TASK DIRECTIONS:
Set down every record below exactly as it stands, minus the pictures.

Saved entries
Content starts
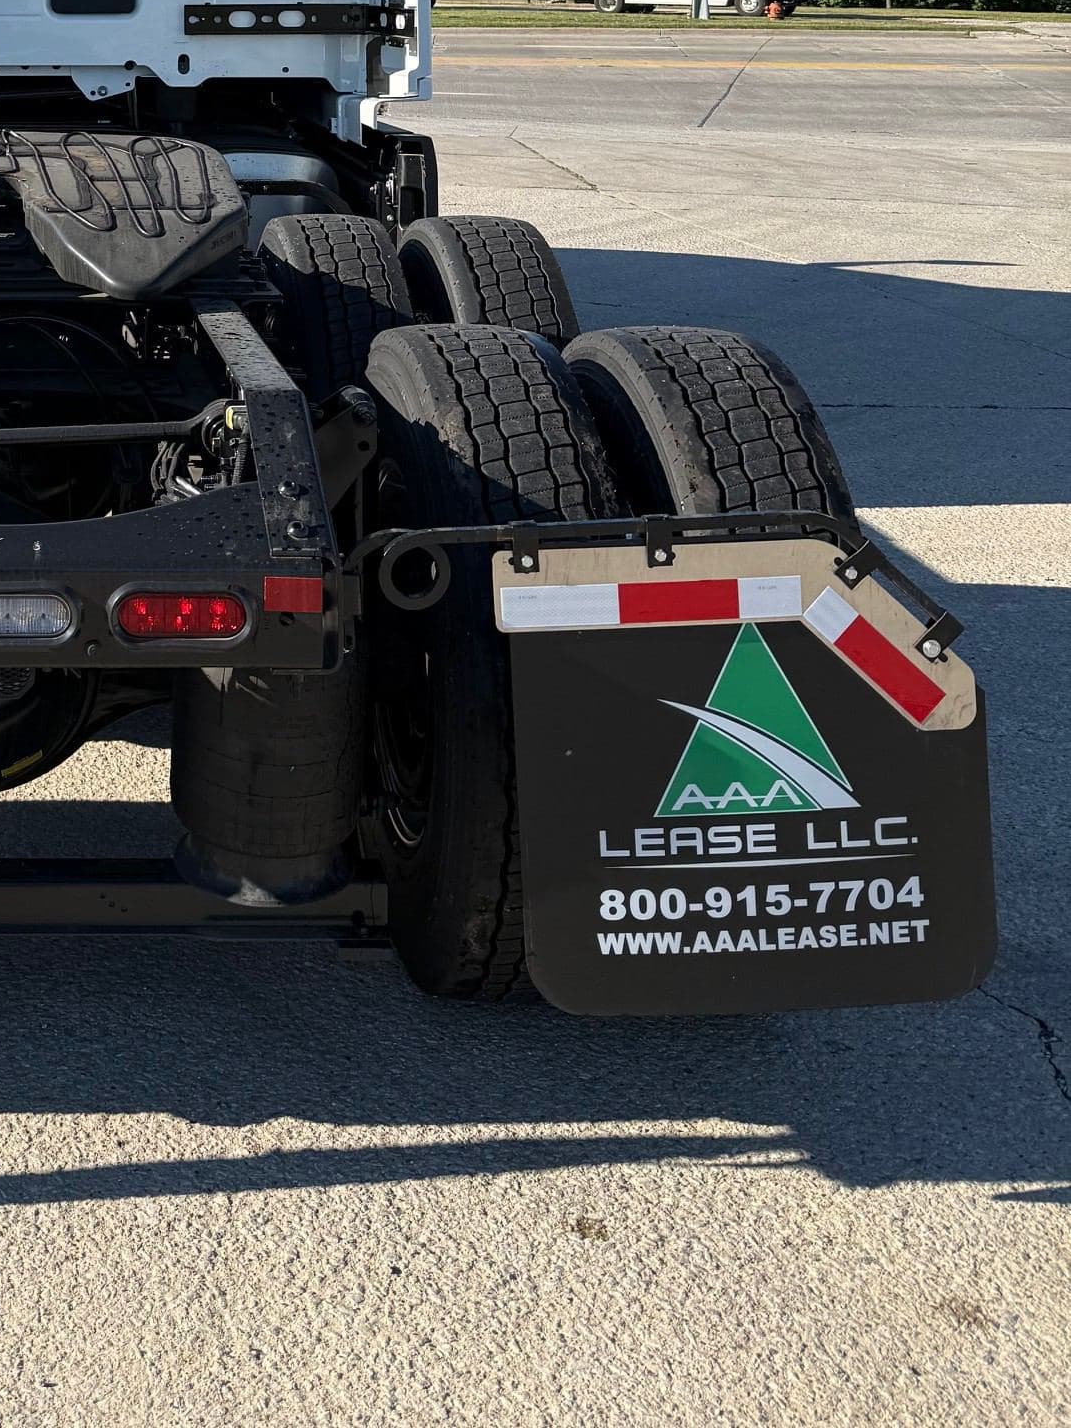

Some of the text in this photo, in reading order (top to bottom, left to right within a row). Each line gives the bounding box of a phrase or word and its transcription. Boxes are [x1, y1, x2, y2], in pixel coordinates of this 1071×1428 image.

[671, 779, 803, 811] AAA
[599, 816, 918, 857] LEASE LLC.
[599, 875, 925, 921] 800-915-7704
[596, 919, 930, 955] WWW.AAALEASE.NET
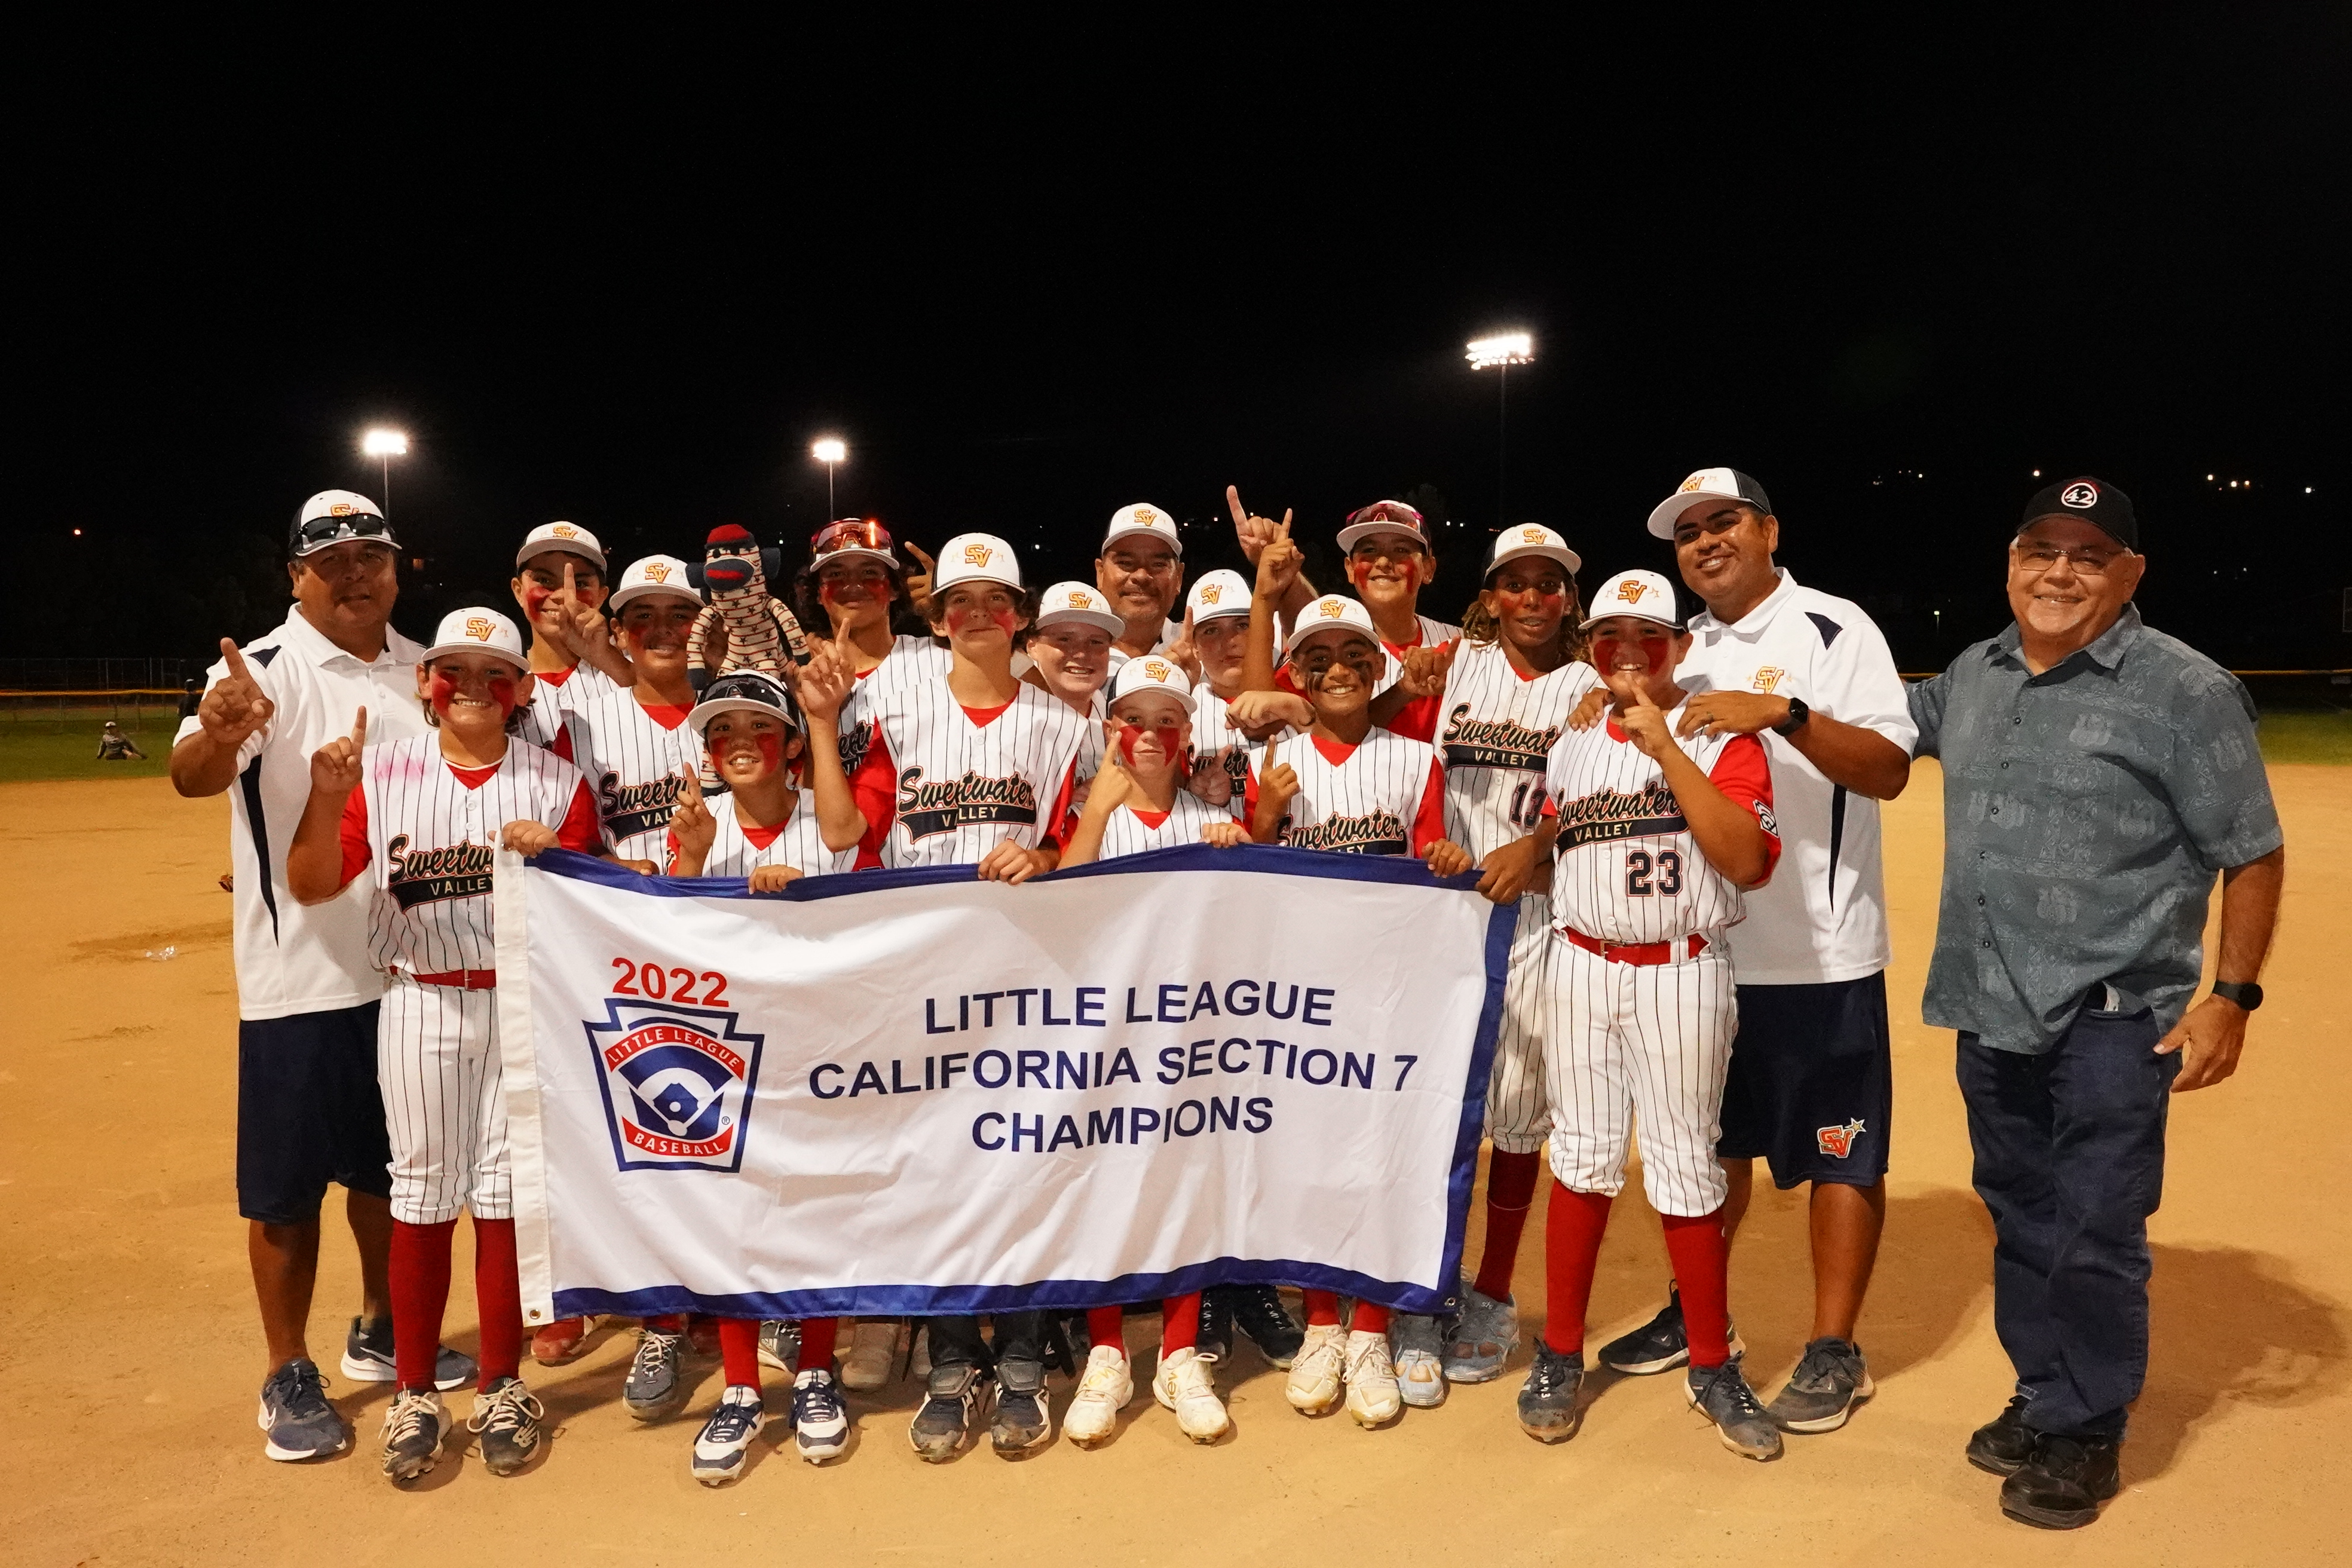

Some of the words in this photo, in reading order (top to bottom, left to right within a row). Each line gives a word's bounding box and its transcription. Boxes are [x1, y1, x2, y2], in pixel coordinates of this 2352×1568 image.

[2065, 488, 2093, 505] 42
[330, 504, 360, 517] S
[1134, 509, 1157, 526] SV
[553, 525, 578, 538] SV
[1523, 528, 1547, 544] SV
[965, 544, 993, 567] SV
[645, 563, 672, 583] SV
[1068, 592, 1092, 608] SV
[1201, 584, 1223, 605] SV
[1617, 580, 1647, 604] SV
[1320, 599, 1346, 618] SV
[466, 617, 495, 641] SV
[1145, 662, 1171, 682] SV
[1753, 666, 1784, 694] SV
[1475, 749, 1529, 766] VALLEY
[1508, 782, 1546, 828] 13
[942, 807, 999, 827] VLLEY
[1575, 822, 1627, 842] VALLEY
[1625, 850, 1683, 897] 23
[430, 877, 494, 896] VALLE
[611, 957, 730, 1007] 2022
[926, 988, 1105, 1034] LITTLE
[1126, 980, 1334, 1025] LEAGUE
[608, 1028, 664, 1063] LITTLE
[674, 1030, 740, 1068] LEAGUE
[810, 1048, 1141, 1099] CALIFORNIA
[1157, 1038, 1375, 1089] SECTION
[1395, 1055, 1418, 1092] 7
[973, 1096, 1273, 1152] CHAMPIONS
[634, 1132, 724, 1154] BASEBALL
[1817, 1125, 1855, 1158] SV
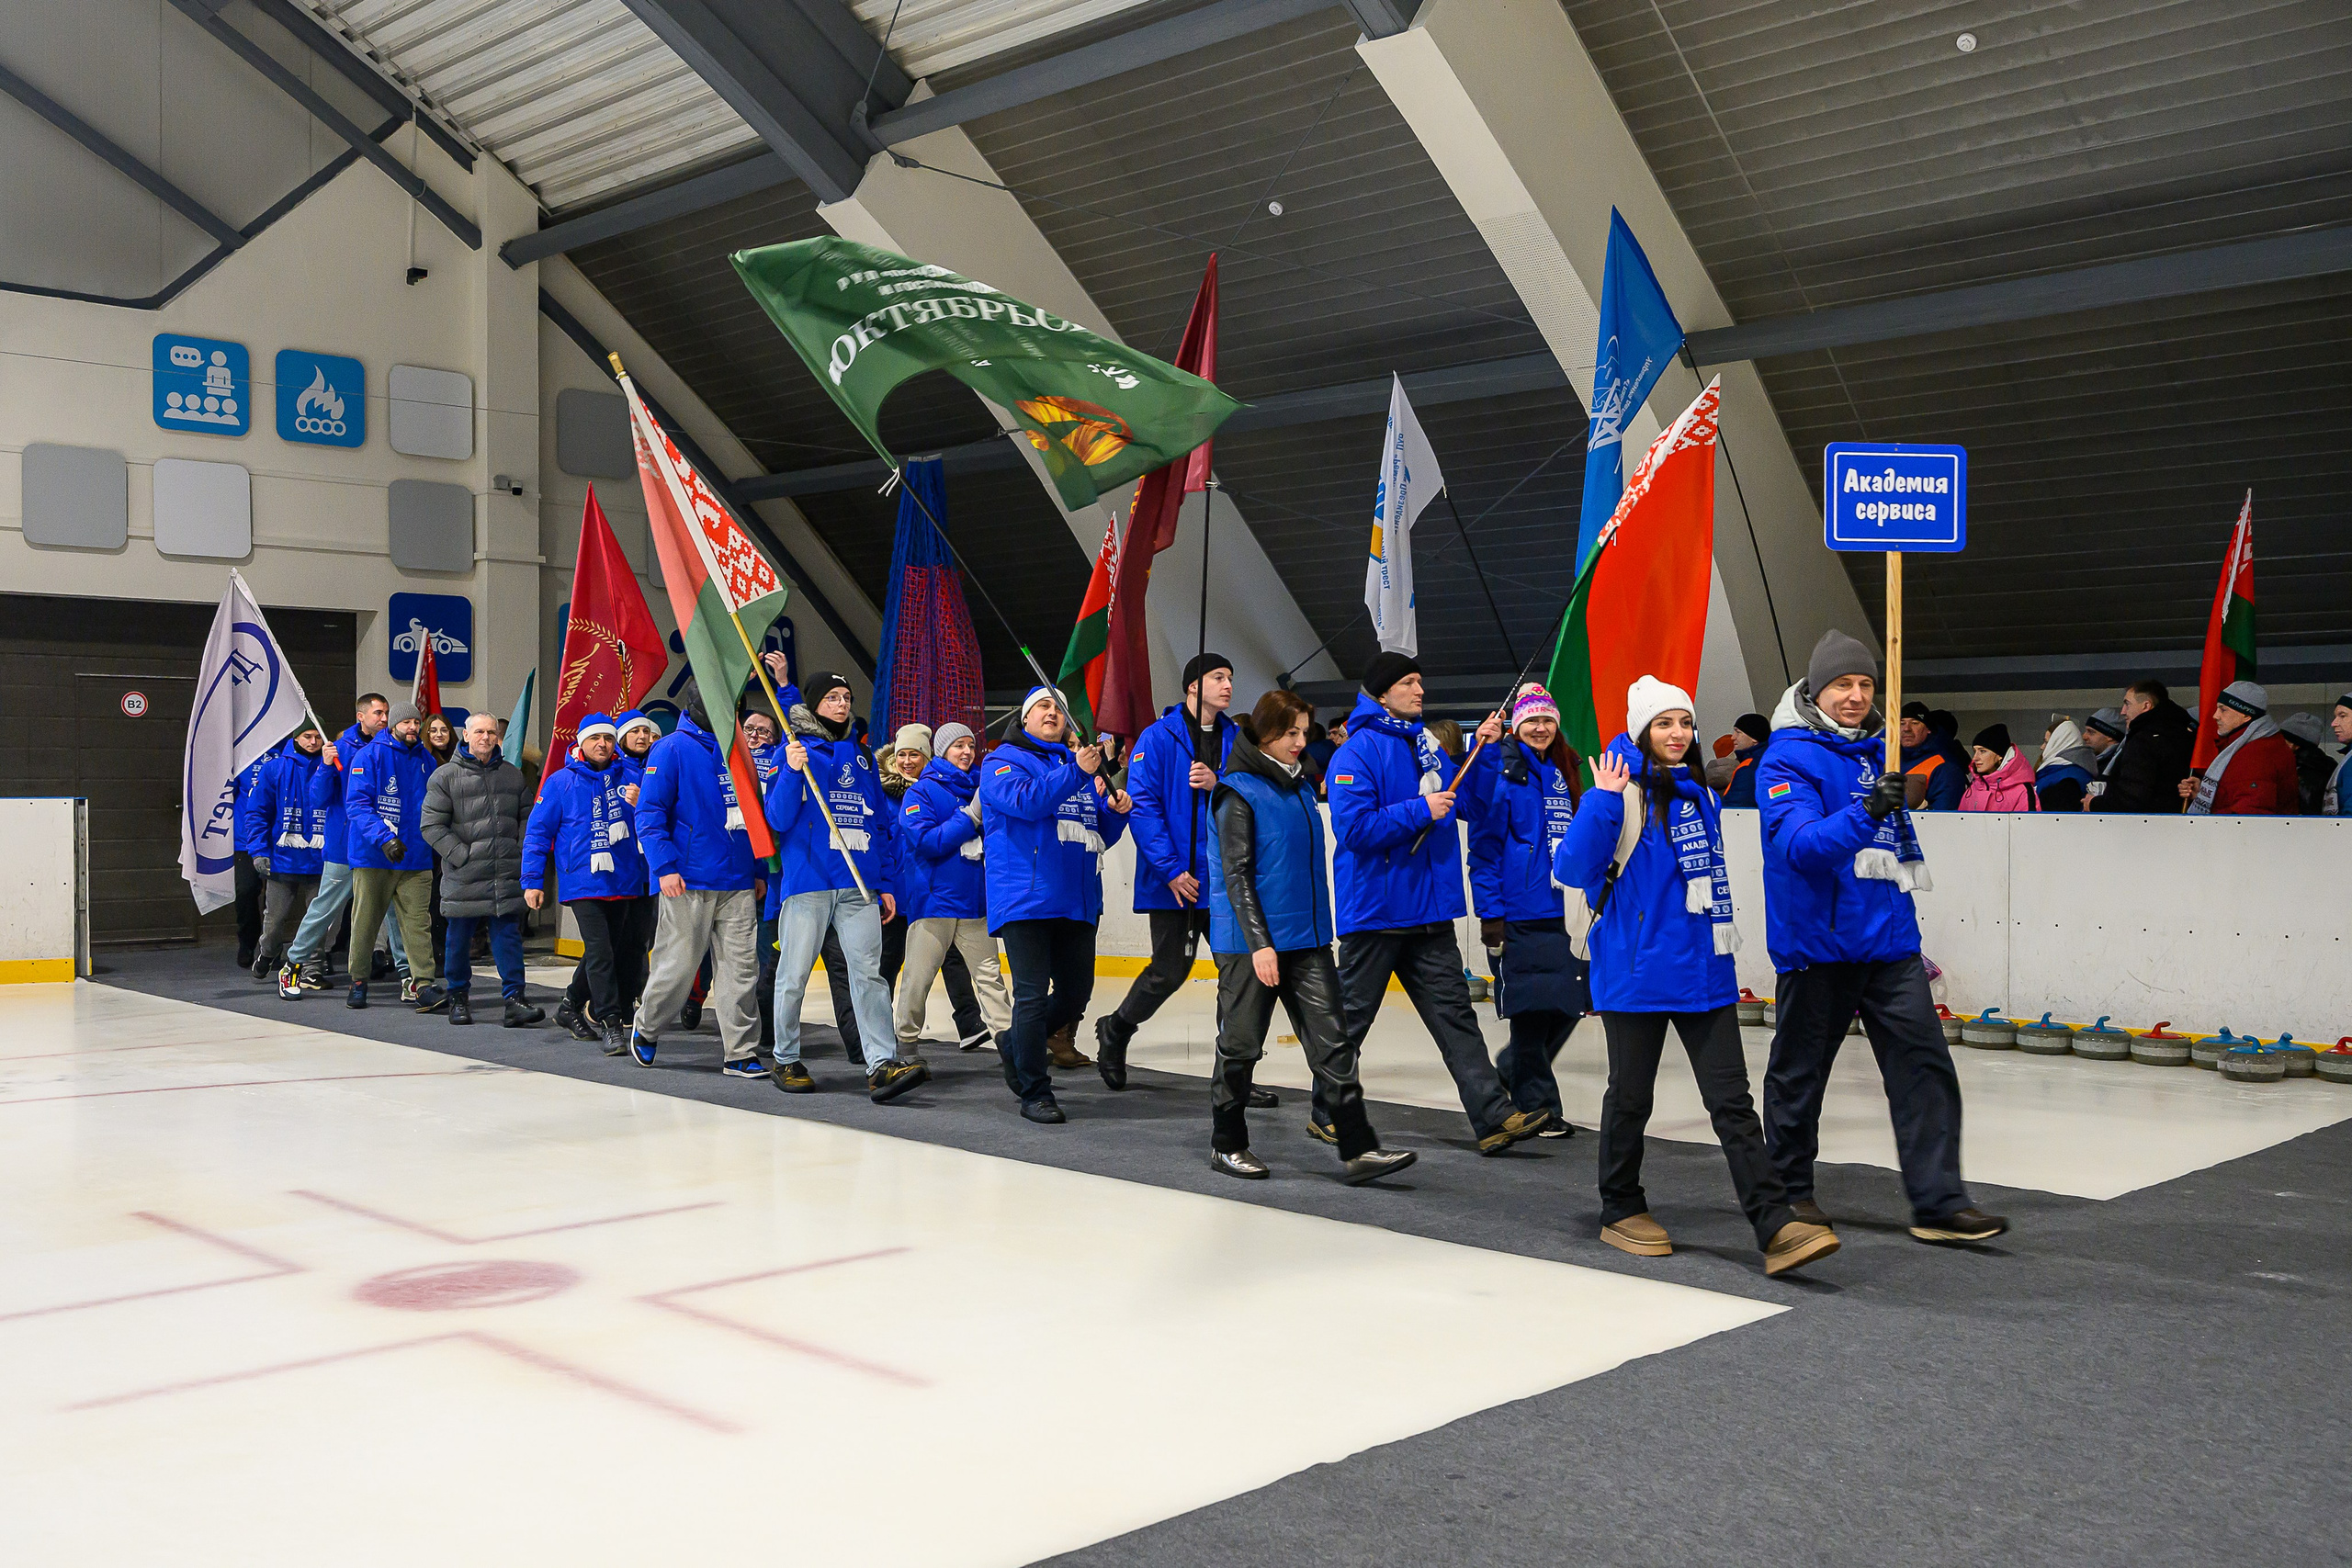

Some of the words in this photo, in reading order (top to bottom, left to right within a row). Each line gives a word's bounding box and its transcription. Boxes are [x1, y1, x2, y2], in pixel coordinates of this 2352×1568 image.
Content ends
EXERCISE SOLUTION:
Some of the text in this photo, in reading order (top to bottom, left to right within a row). Each line gives the bounding box of a phrase or word and its transcription. Boxes are [x1, y1, x2, y2], in pixel coordinates of this 1071×1428 image.

[671, 779, 803, 811] AAA
[599, 816, 918, 857] LEASE LLC.
[599, 875, 925, 921] 800-915-7704
[596, 919, 930, 955] WWW.AAALEASE.NET

Some of the words in this photo, in reading order (top to bottom, left to right within a row). Each line gives a word's bounding box and its transcription. Boxes are [x1, y1, x2, y2], in pixel coordinates of this 2352×1568 image.

[2065, 488, 2093, 505] 42
[330, 504, 360, 517] S
[1134, 509, 1157, 526] SV
[553, 525, 578, 538] SV
[1523, 528, 1547, 544] SV
[965, 544, 993, 567] SV
[645, 563, 672, 583] SV
[1068, 592, 1092, 608] SV
[1201, 584, 1223, 605] SV
[1617, 580, 1647, 604] SV
[1320, 599, 1346, 618] SV
[466, 617, 495, 641] SV
[1145, 662, 1171, 682] SV
[1753, 666, 1784, 694] SV
[1475, 749, 1529, 766] VALLEY
[1508, 782, 1546, 828] 13
[942, 807, 999, 827] VLLEY
[1575, 822, 1627, 842] VALLEY
[1625, 850, 1683, 897] 23
[430, 877, 494, 896] VALLE
[611, 957, 730, 1007] 2022
[926, 988, 1105, 1034] LITTLE
[1126, 980, 1334, 1025] LEAGUE
[608, 1028, 664, 1063] LITTLE
[674, 1030, 740, 1068] LEAGUE
[810, 1048, 1141, 1099] CALIFORNIA
[1157, 1038, 1375, 1089] SECTION
[1395, 1055, 1418, 1092] 7
[973, 1096, 1273, 1152] CHAMPIONS
[634, 1132, 724, 1154] BASEBALL
[1817, 1125, 1855, 1158] SV

Some of the words in this photo, in reading order (top to bottom, left to right within a row). Each line gives a word's bounding box and its transcription. Boxes are [x1, y1, x2, y2], in pixel coordinates of this 2352×1568 image.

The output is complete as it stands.